K-Means

What is K-Means Clustering?

K-means clustering is an unsupervised learning technique to classify unlabeled data by grouping them by features, rather than pre-defined categories. The variable K represents the number of groups or categories created. The goal is to split the data into K different clusters and report the location of the center of mass for each cluster. Then, a new data point can be assigned a cluster (class) based on the closed center of mass.

The big advantage of this approach is that the human bias is taken out of the equation. Instead of having a researcher create classification groups, the machine creates its own clusters based upon empirical proofs, rather than assumptions.
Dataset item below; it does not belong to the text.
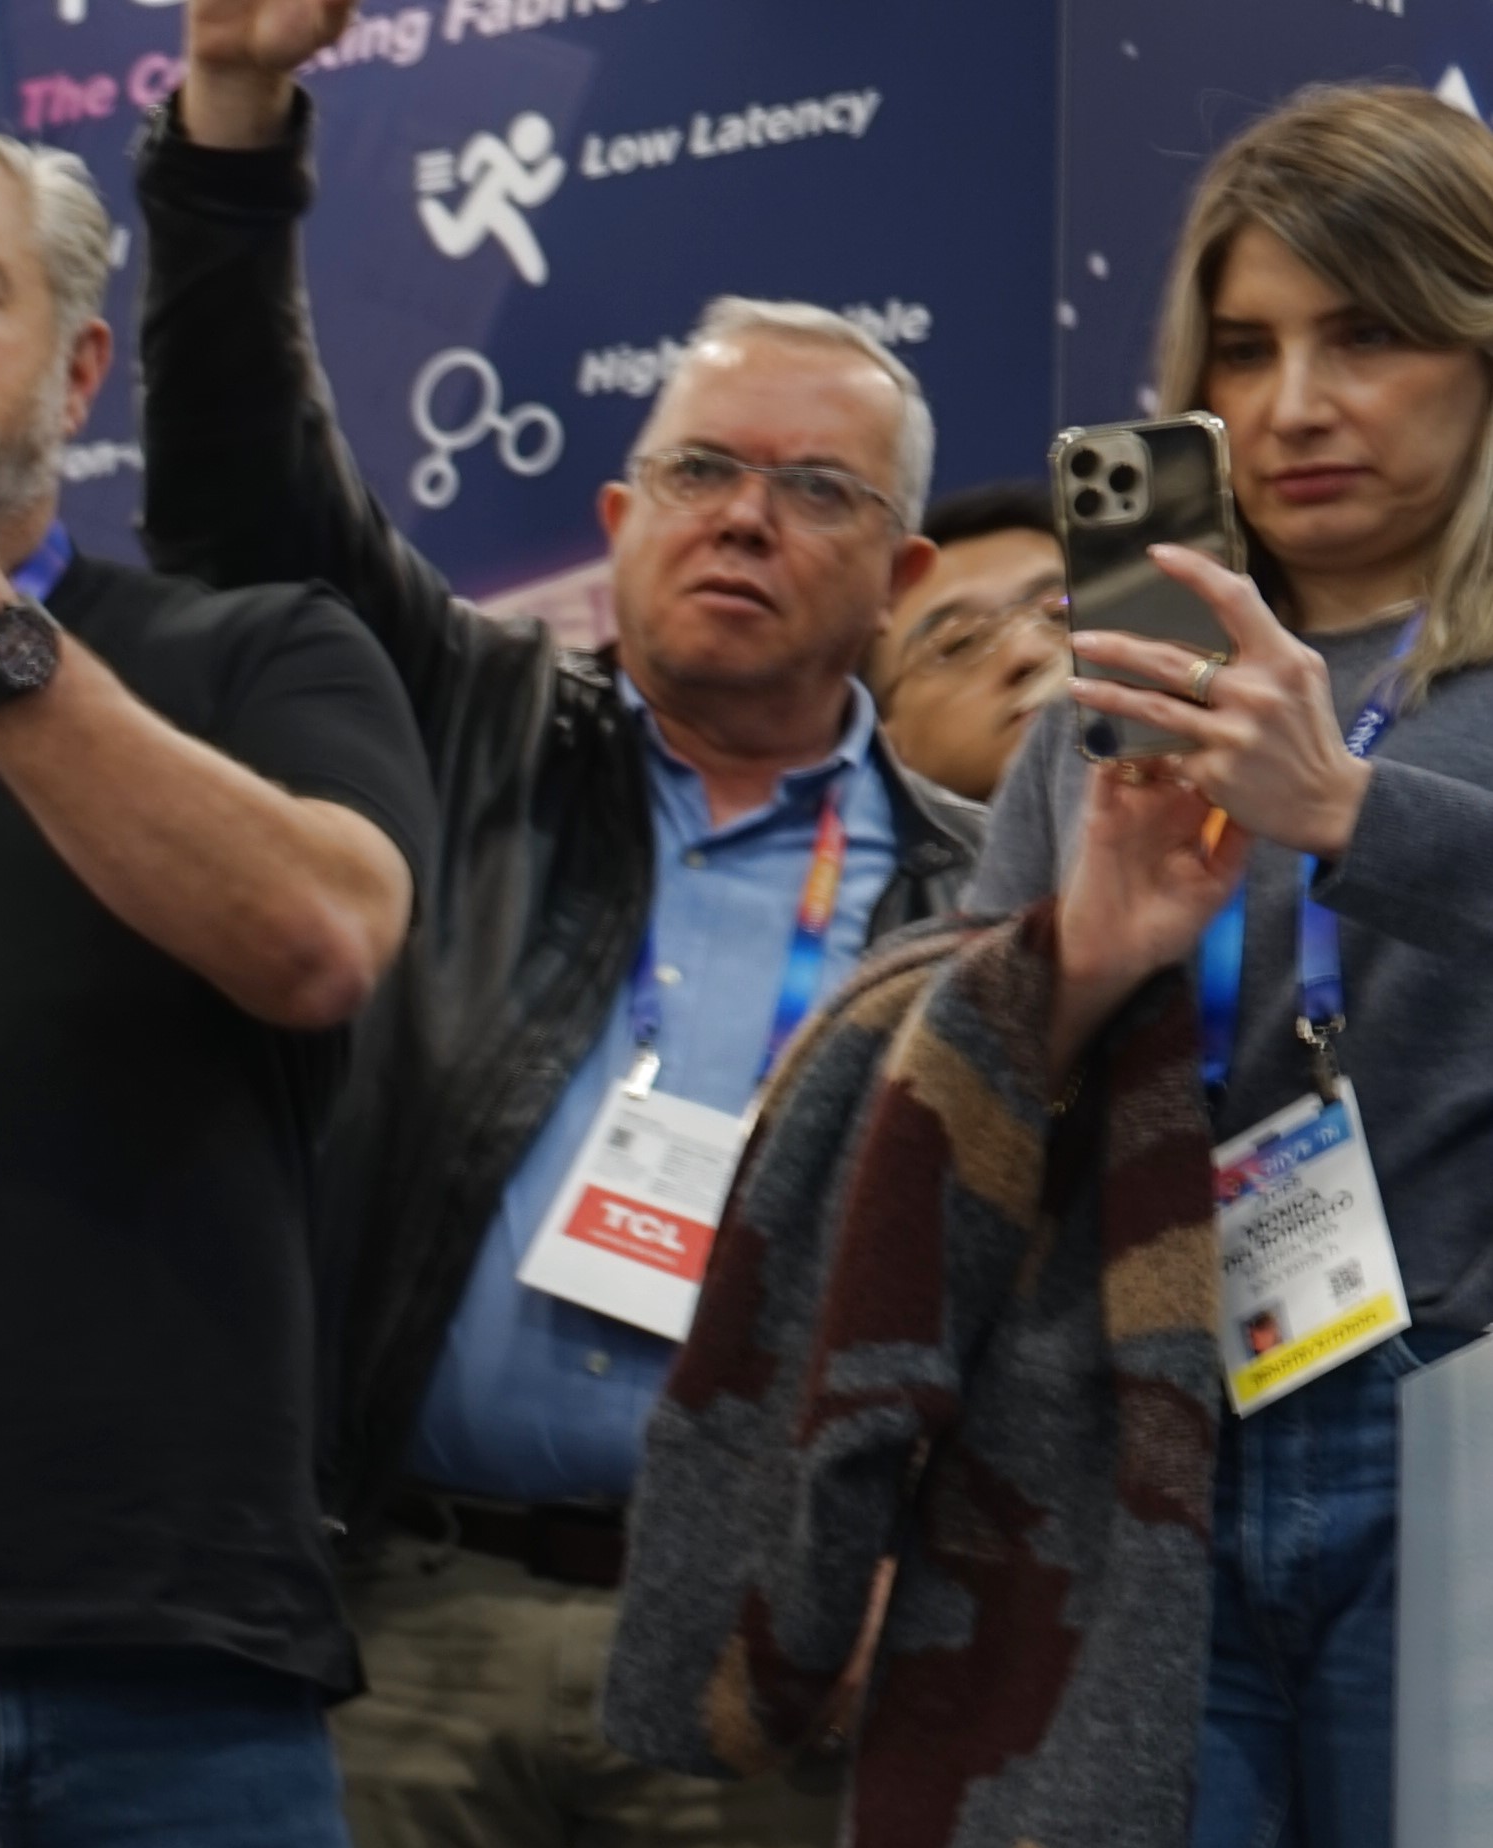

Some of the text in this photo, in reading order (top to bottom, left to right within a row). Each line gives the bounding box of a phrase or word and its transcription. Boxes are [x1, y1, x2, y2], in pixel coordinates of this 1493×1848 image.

How does K-Means Clustering Work?

Each centroid of a cluster is a collection of feature values which define the resulting groups. Examining the centroid feature weights can be used to qualitatively interpret what kind of group each cluster represents.  

  1. Data assignment: Each cluster is created and defined by its centroid (central collection of features). Each data point is then assigned to its nearest centroid, based on some choice of distance function

  2. Centroid update: After all data points are assigned, the centroids are recalculated by taking the mean of all data points assigned to that cluster.

  3. Repeat: This assignment and update process repeats until some stopping criteria is met, such as, no change to clusters, the sum of the distances is minimized, or some maximum iteration threshold is reached.